Венцеслао встал с кровати и пересел на подоконник. Сел и уставился на меня своими глазами гипнотизера: в газетах тогда помещал объявления некто Шиллер-Школьник, чародей, у него из очей на рекламной картинке текли молнии. Вот такие были сейчас глаза и у баккалауро.
- Хотел бы я, - мечтательно заговорил он, - хотелось бы мне услышать, что мне сказал бы какой-нибудь Арсен Люпен, если бы я предложил ему, для пользы его допросов, установить в ящике письменного стола примерно такую вот бомбочку... Преступник запирается. Следователь нажал рычажок... Запахло духами... Этото ты понимаешь?.. Или ты - Морган, или Рокфеллер.

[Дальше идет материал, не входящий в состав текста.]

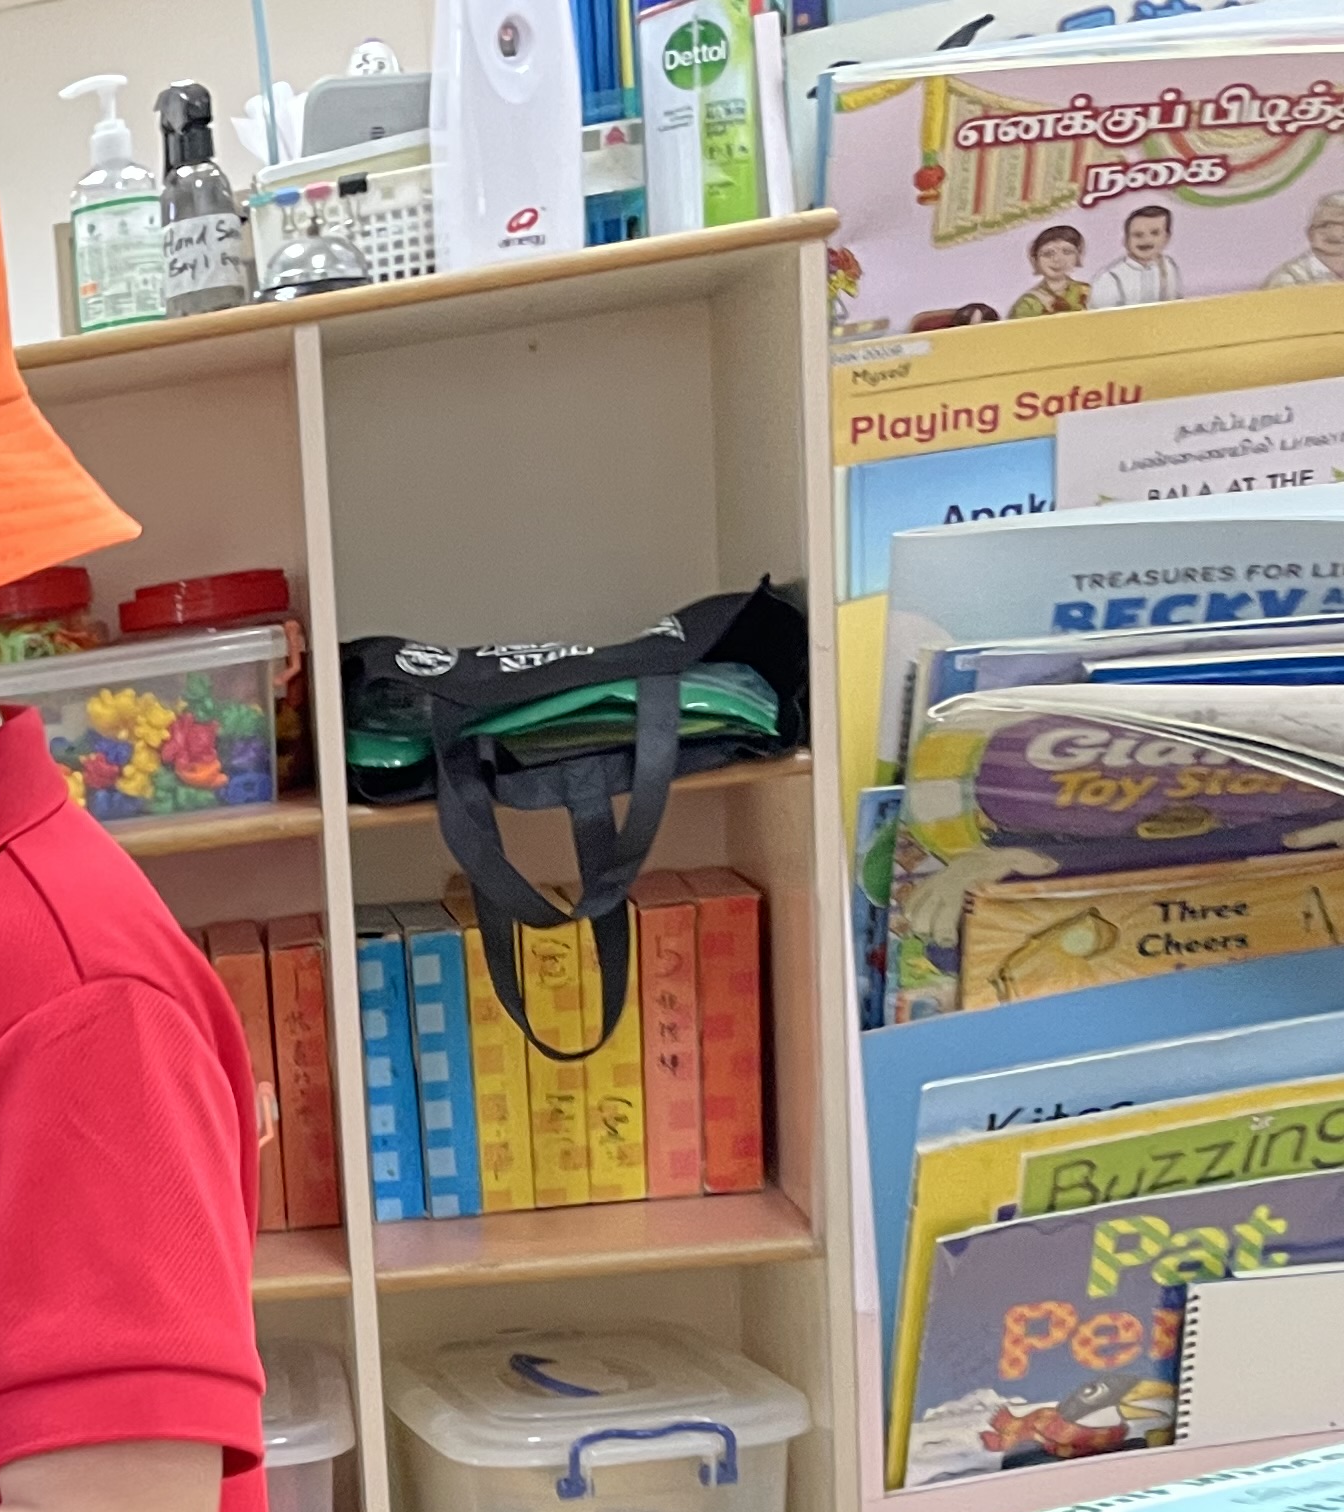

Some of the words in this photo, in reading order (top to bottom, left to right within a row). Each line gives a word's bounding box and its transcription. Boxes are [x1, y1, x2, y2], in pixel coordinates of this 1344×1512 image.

[665, 40, 726, 70] Dettol
[1081, 156, 1226, 206] நகை
[850, 403, 1000, 446] Playing
[1013, 381, 1144, 422] Safely
[1071, 564, 1236, 592] TREASURES
[1246, 562, 1303, 583] FOR
[1050, 770, 1159, 812] Toy
[1152, 899, 1250, 923] Three
[1136, 932, 1249, 958] Cheers
[1047, 1107, 1344, 1213] Buzzing
[1086, 1203, 1289, 1299] Pat

Ты пригласил на обед с глазу на глаз Вандербильта или Дюпона, хочешь выяснить, как смотрят они на положение на бирже... В стене отдельного кабинета газгольдер с эн-два-о (плюс икс дважды, само собой)... Ведь, пожалуй, стоило бы Моргану заплатить неплохое вознаграждение тому, кто ему этакий газгольдер заполнит газом... Да что - Дюпоны?... Вон я возьму да и предложу в нашем Главном штабе... "А что ваши пр евосходительства? Вот ваши люди имеют порой конфиденциальные беседы с разными там австрийскими или прусскими штабистами... А не заинтересует ли вас этакий, мягко выражаясь, фимиам? Пахнет не то ландышами, не то черемухой, чемто весьма приятным,.. Что, если такой запах будет клубиться в каком-нибудь дамском будуаре, куда такой полковник Эстергази привык заглядывать? Ведь это только приятно... Запахло так в номере гостиницы, в кузове автомобиля... Так, на один момент...

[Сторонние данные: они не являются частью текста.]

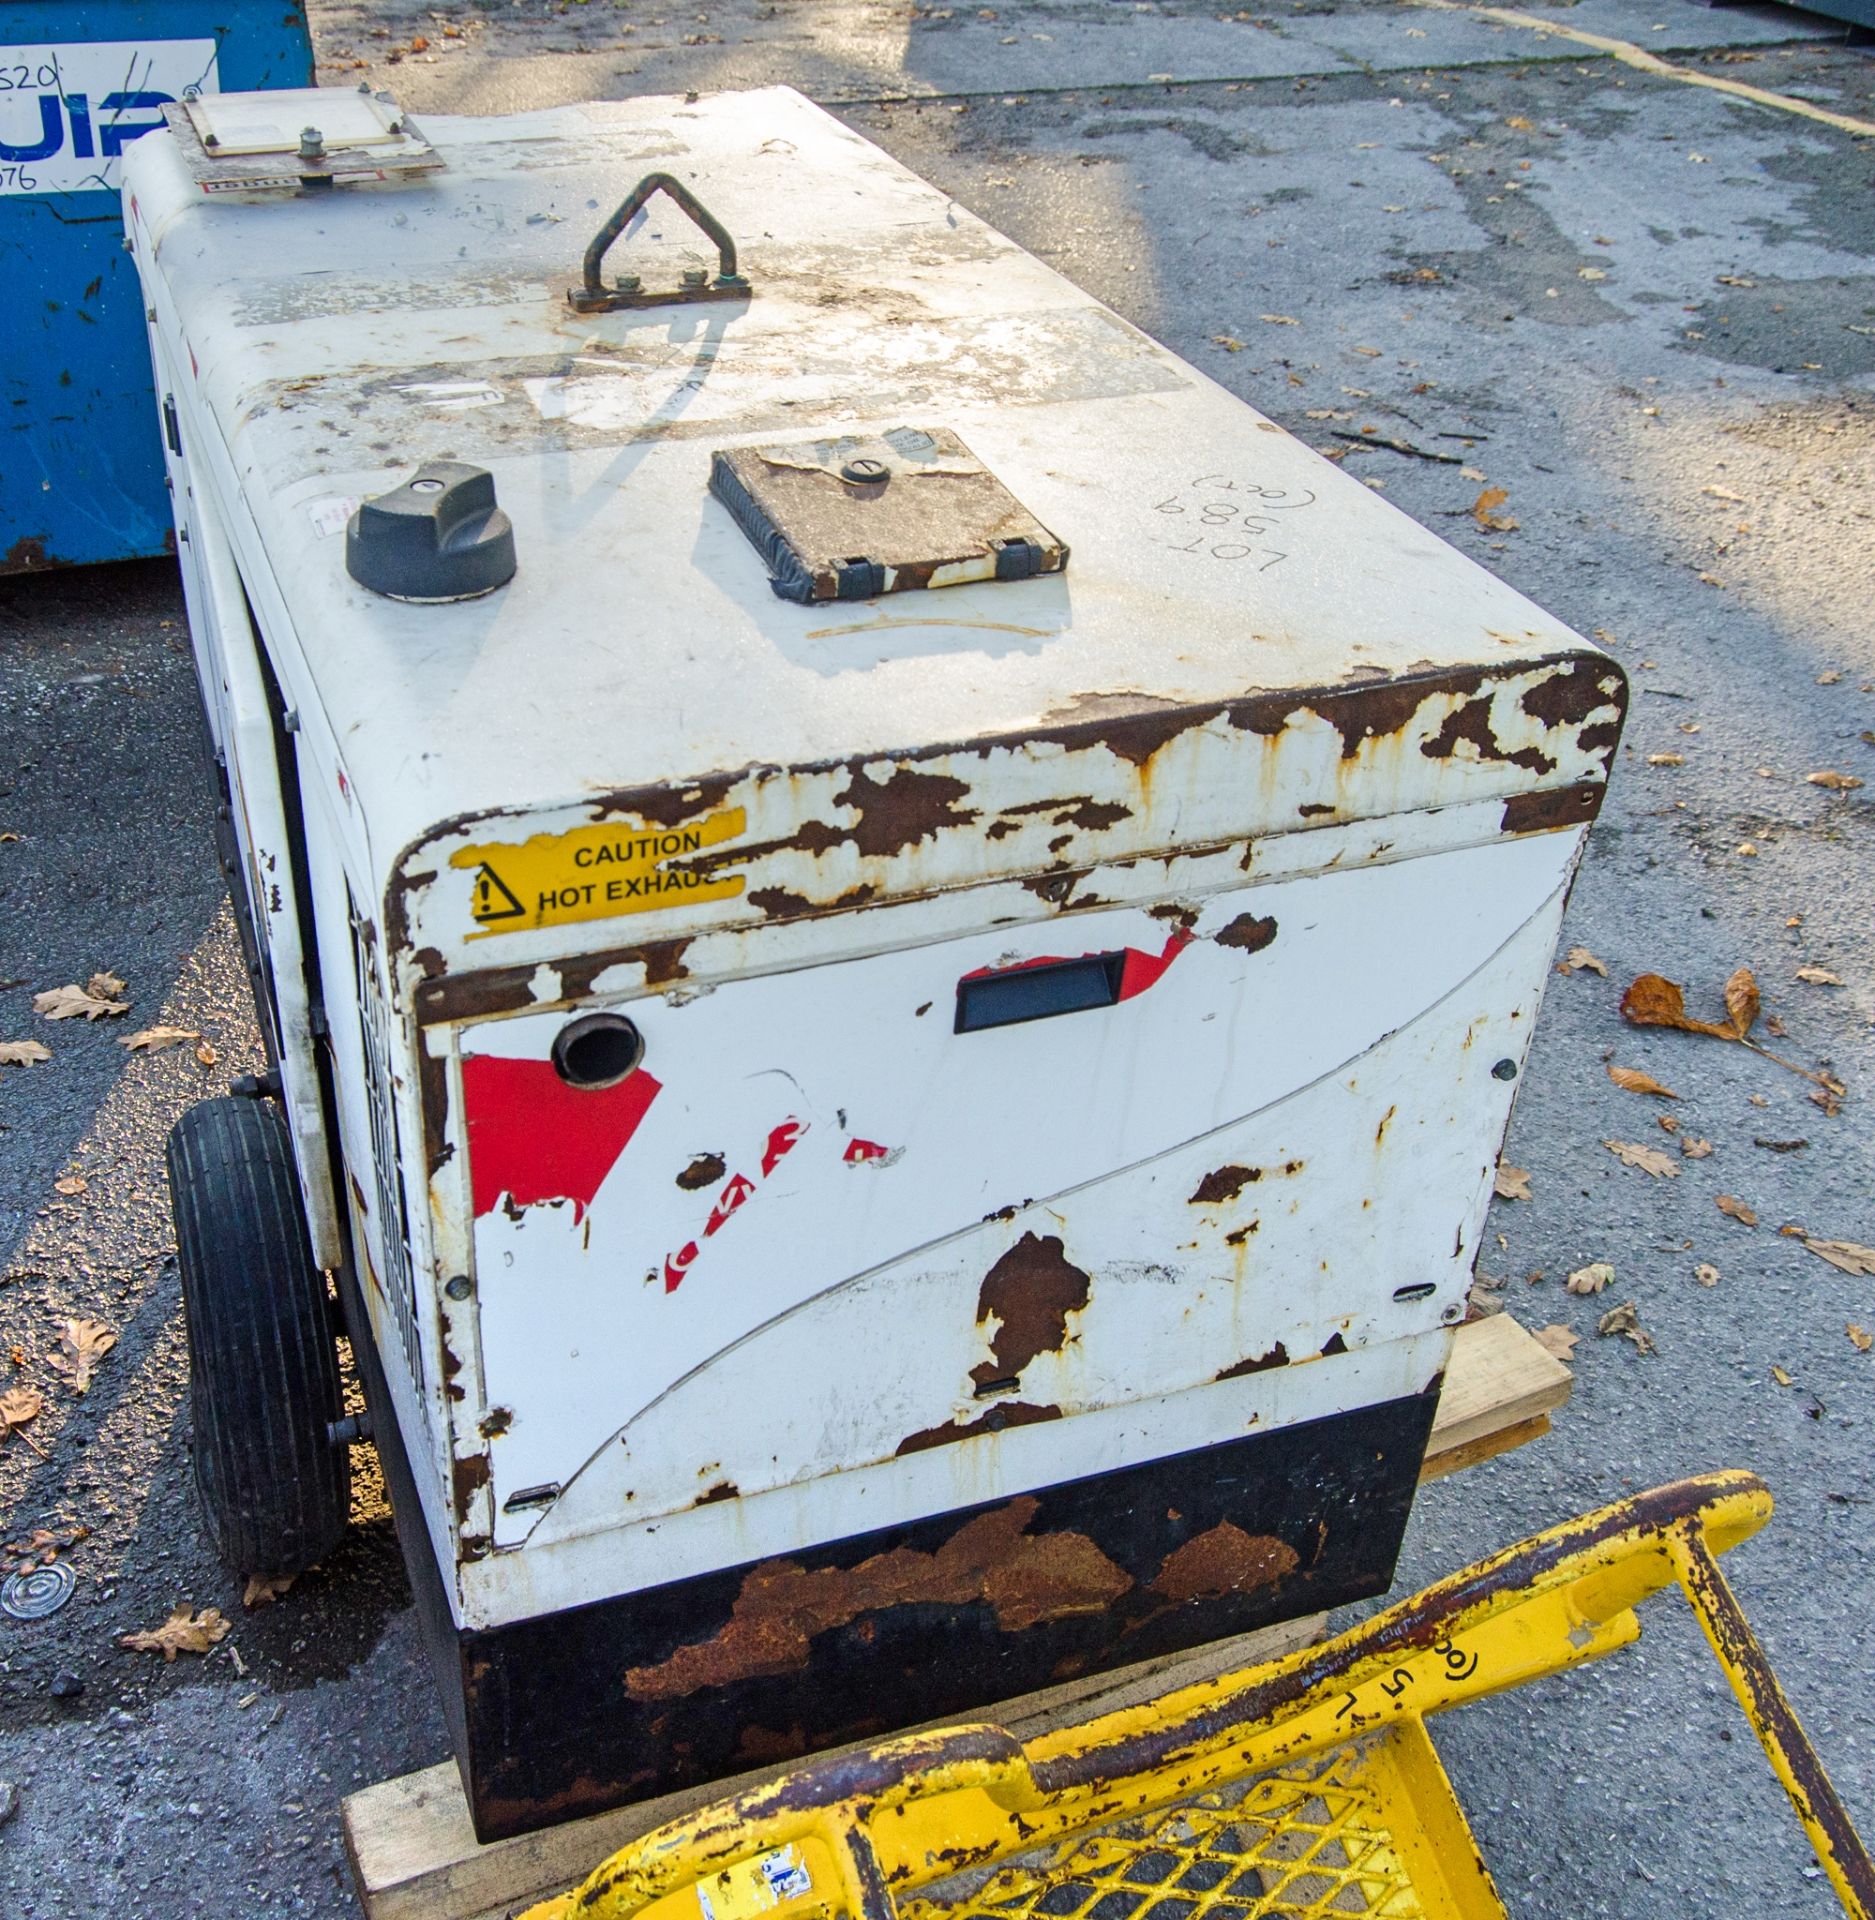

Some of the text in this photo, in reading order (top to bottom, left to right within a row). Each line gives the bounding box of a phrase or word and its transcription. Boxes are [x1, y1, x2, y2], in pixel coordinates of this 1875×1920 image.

Видишь ли, Павел, я уже сказал тебе: на свету... Я составил диаграмму его распада... Минутное дело, через полчаса - никаких следов...

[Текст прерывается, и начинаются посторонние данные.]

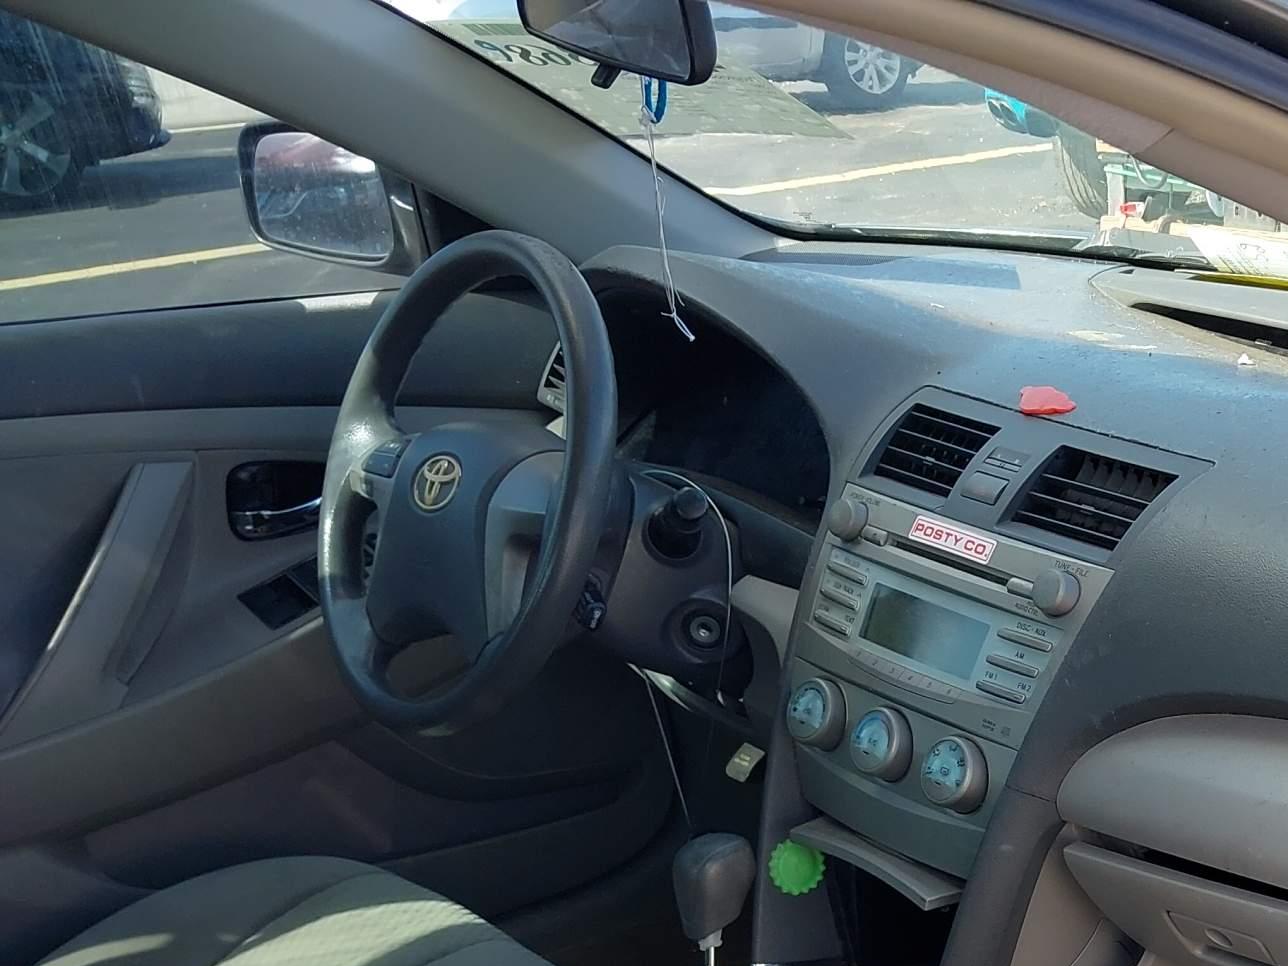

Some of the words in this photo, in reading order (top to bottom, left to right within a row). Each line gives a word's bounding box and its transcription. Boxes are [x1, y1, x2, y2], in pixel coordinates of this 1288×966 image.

[914, 522, 963, 547] POSTY
[963, 540, 989, 558] CO.
[1015, 650, 1025, 660] AM

И вот представь себе: ты в комнате, в которую я впустил некий объем газа... Удельный вес его равен весу воздуха. Диффундирует он мгновенно. Свет в помещении обычно слаб, минут десять газ будет жить. За десять минут ты вдохнешь восемьсот, тысячу литров воздуха... Вполне достаточно! Что же с тобой произойдет? Сначала приятное быстрое опьянение, этакий легкий хмель... Дамы будут в восторге: нежное головокруженье, этакое блаженство, зеленоватосиреневый туман в глазах, запах цветов... Потом - секунд на пять - семь, не более! - полная потеря сознания. Очень любопытно: выключается только одна какая-то часть мозга, координация движений полностью сохраняется. Ну да об этом потом: томы наворотят физиологи!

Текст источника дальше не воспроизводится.